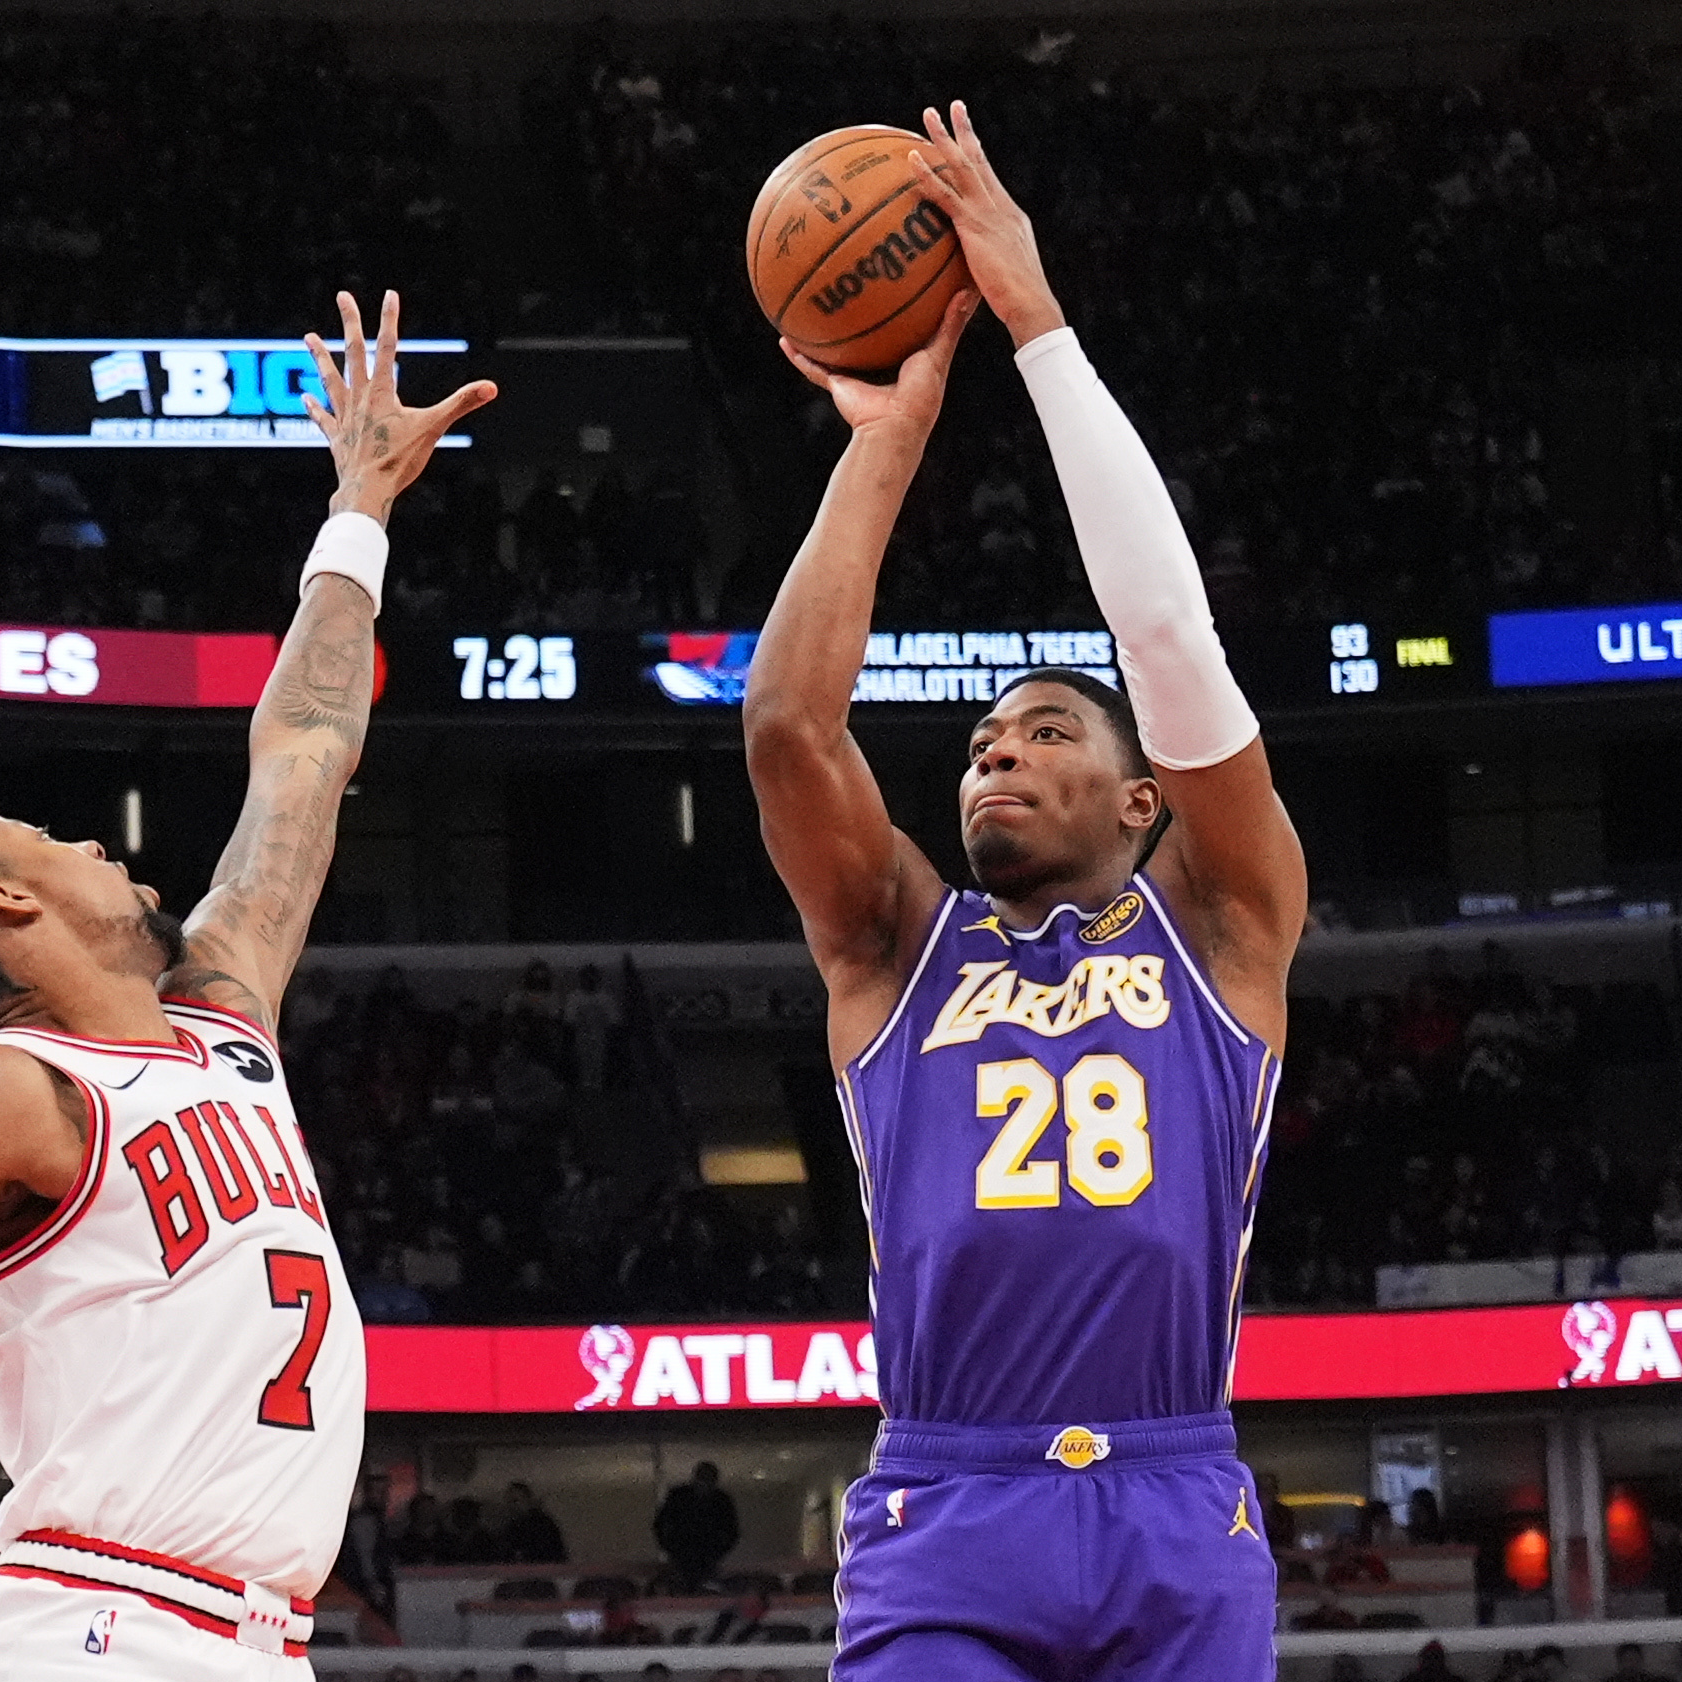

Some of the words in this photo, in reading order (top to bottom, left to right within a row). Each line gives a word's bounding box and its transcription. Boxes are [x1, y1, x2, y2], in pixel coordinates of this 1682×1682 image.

[453, 636, 576, 700] 7:25
[862, 632, 1027, 666] HILADELPHIA
[1027, 631, 1112, 665] 76ERS
[920, 954, 1171, 1055] LAKERS
[121, 1100, 327, 1279] BULL
[975, 1053, 1153, 1210] 28
[257, 1248, 332, 1432] 7
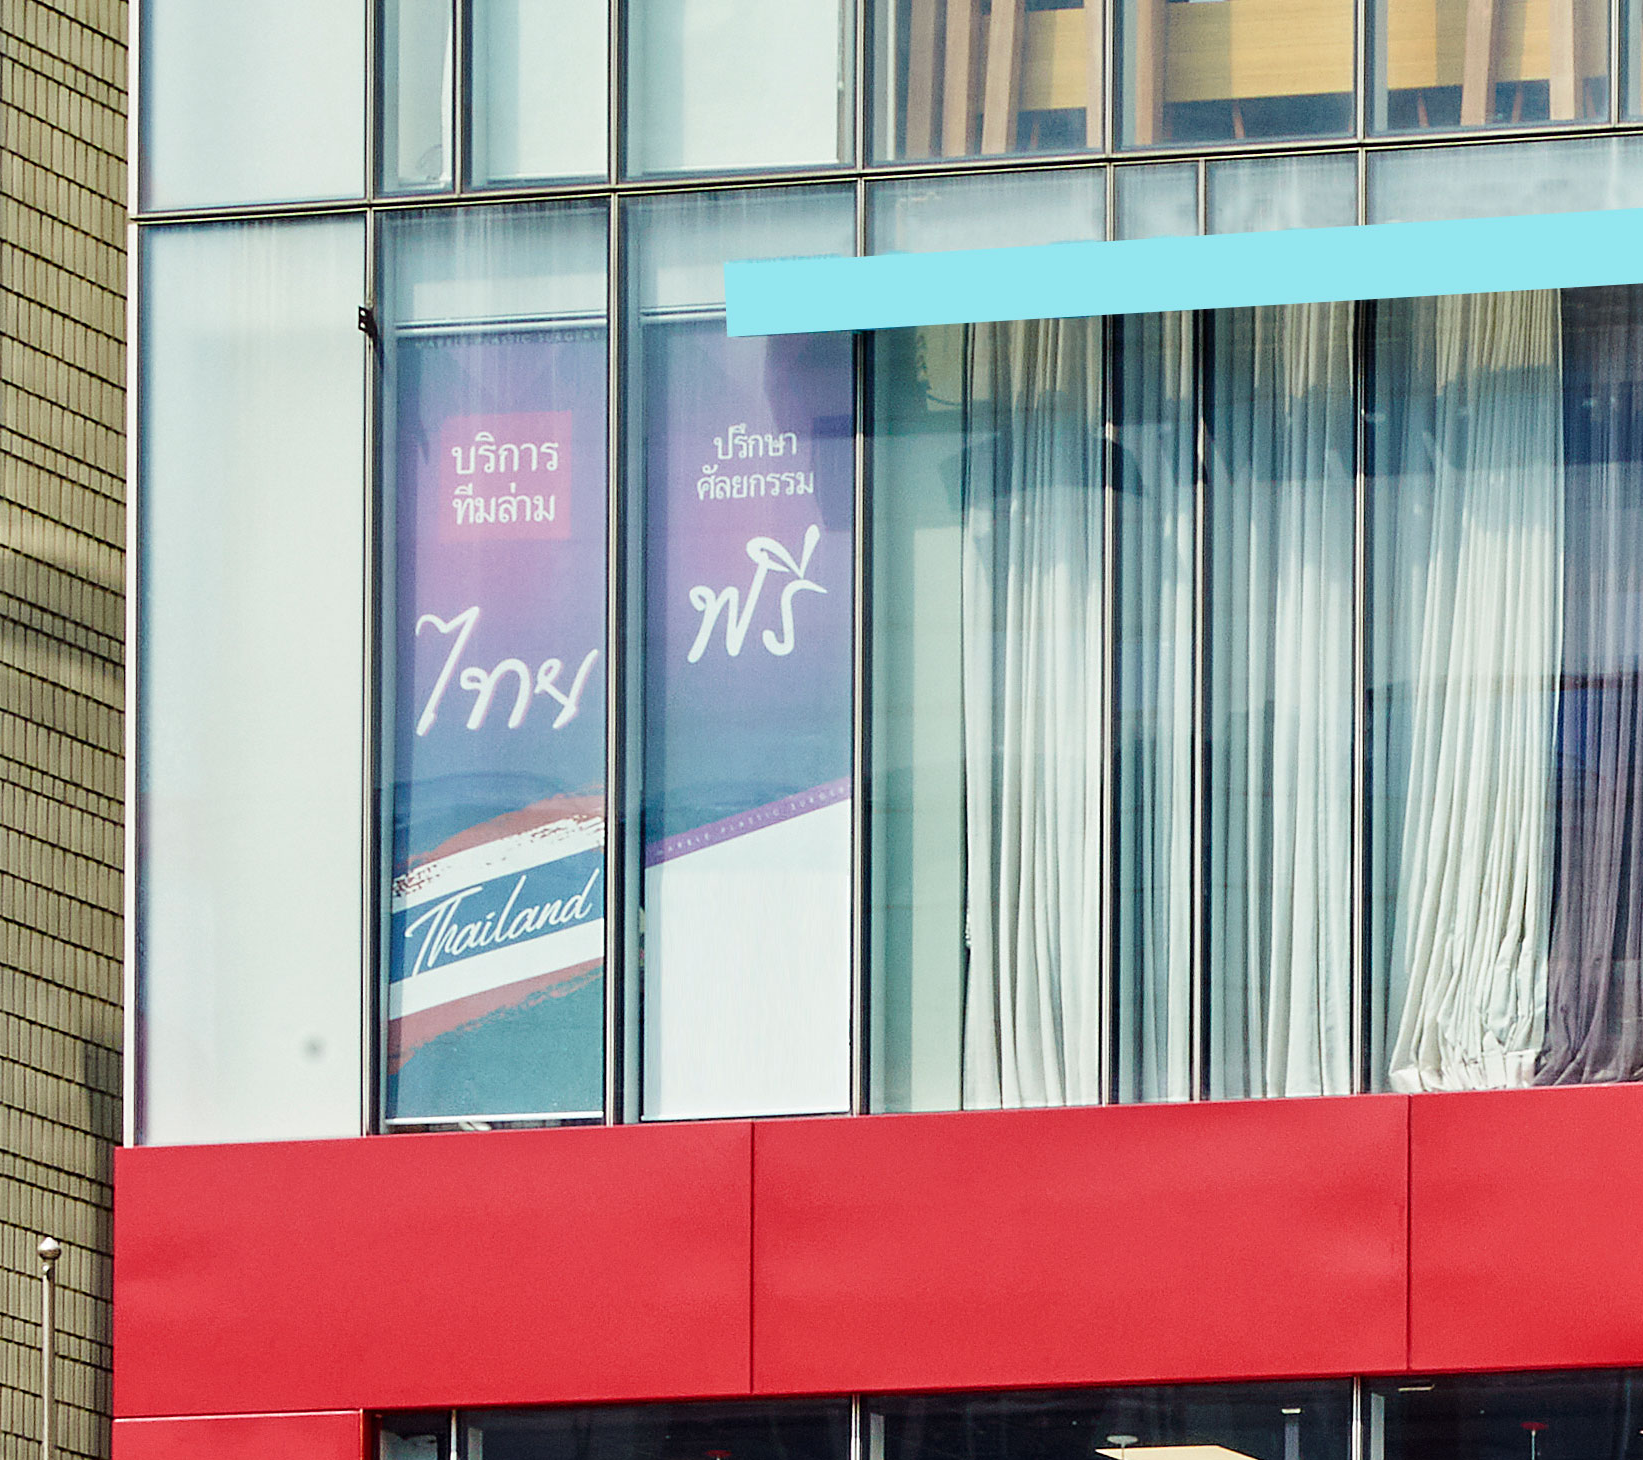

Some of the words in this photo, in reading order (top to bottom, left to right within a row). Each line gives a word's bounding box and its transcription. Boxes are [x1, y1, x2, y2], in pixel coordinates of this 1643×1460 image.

[451, 431, 561, 474] บริการ
[713, 423, 799, 461] ปรึกษา
[697, 464, 816, 501] ศัลยกรรม
[451, 484, 558, 526] ทีมล่าม
[688, 524, 829, 664] ฟรี
[415, 605, 600, 738] ไทย
[405, 866, 595, 978] Thailand
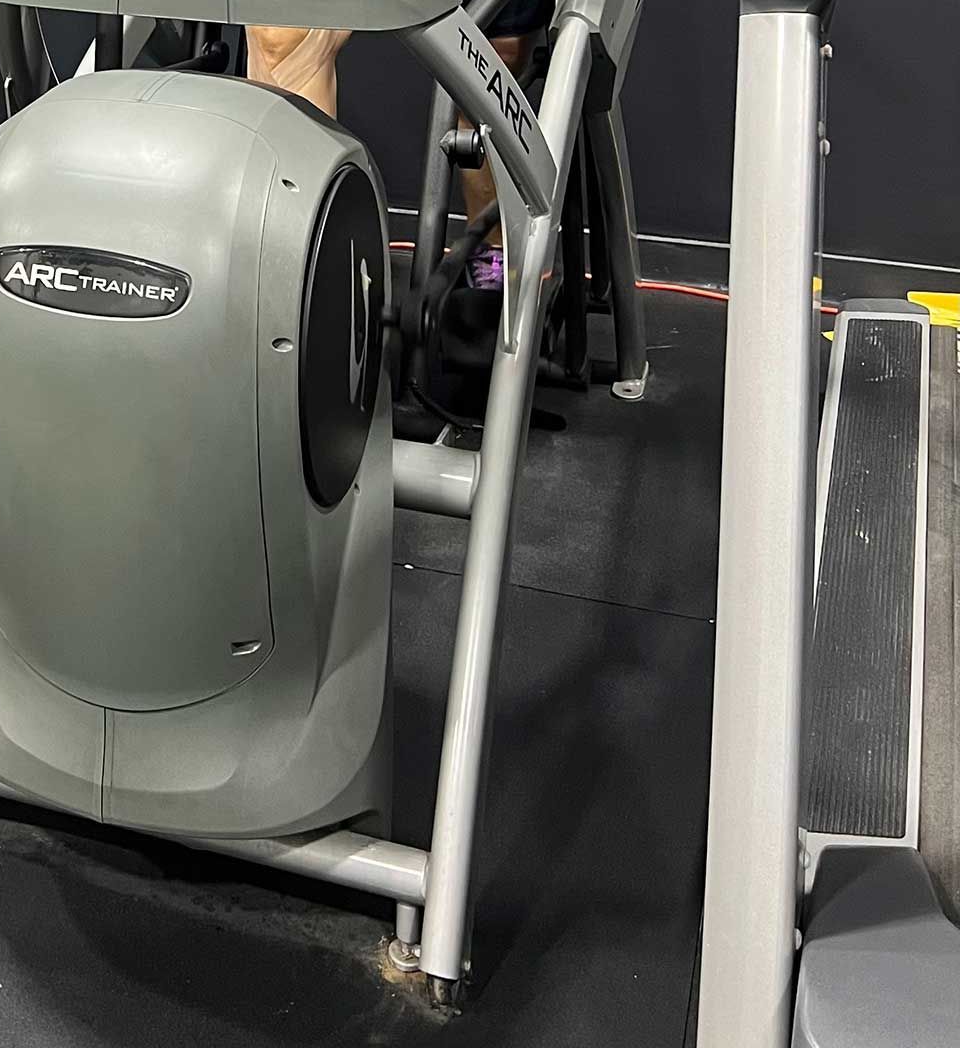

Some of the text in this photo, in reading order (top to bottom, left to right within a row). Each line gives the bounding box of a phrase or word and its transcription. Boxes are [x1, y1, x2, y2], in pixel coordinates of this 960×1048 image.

[458, 27, 533, 155] THE ARC
[3, 261, 80, 292] ARC

*Your task*: Could you transcribe every entry exactly, leaving out the pictures?

*Response to the exercise*:
Some of the words in this photo, in reading order (top to bottom, left to right within a row). Each line gives a word's bounding box and its transcription. Boxes are [x1, y1, x2, y2], in pixel coordinates of this 1682×1682 image.

[453, 636, 576, 700] 7:25
[862, 632, 1027, 666] HILADELPHIA
[1027, 631, 1112, 665] 76ERS
[920, 954, 1171, 1055] LAKERS
[121, 1100, 327, 1279] BULL
[975, 1053, 1153, 1210] 28
[257, 1248, 332, 1432] 7

Some of the words in this photo, in reading order (top to bottom, left to right within a row). Each line gives a word's bounding box and its transcription. Boxes are [x1, y1, x2, y2], in pixel coordinates of this 1643×1460 image.

[451, 431, 561, 474] บริการ
[713, 423, 799, 461] ปรึกษา
[697, 464, 816, 501] ศัลยกรรม
[451, 484, 558, 526] ทีมล่าม
[688, 524, 829, 664] ฟรี
[415, 605, 600, 738] ไทย
[405, 866, 595, 978] Thailand

Some of the text in this photo, in reading order (top to bottom, left to right within a row). Each line gives the bounding box of a phrase or word and its transcription. Boxes are [x1, y1, x2, y2], in pixel coordinates of this 960×1048 image.

[458, 27, 533, 155] THE ARC
[3, 261, 80, 292] ARC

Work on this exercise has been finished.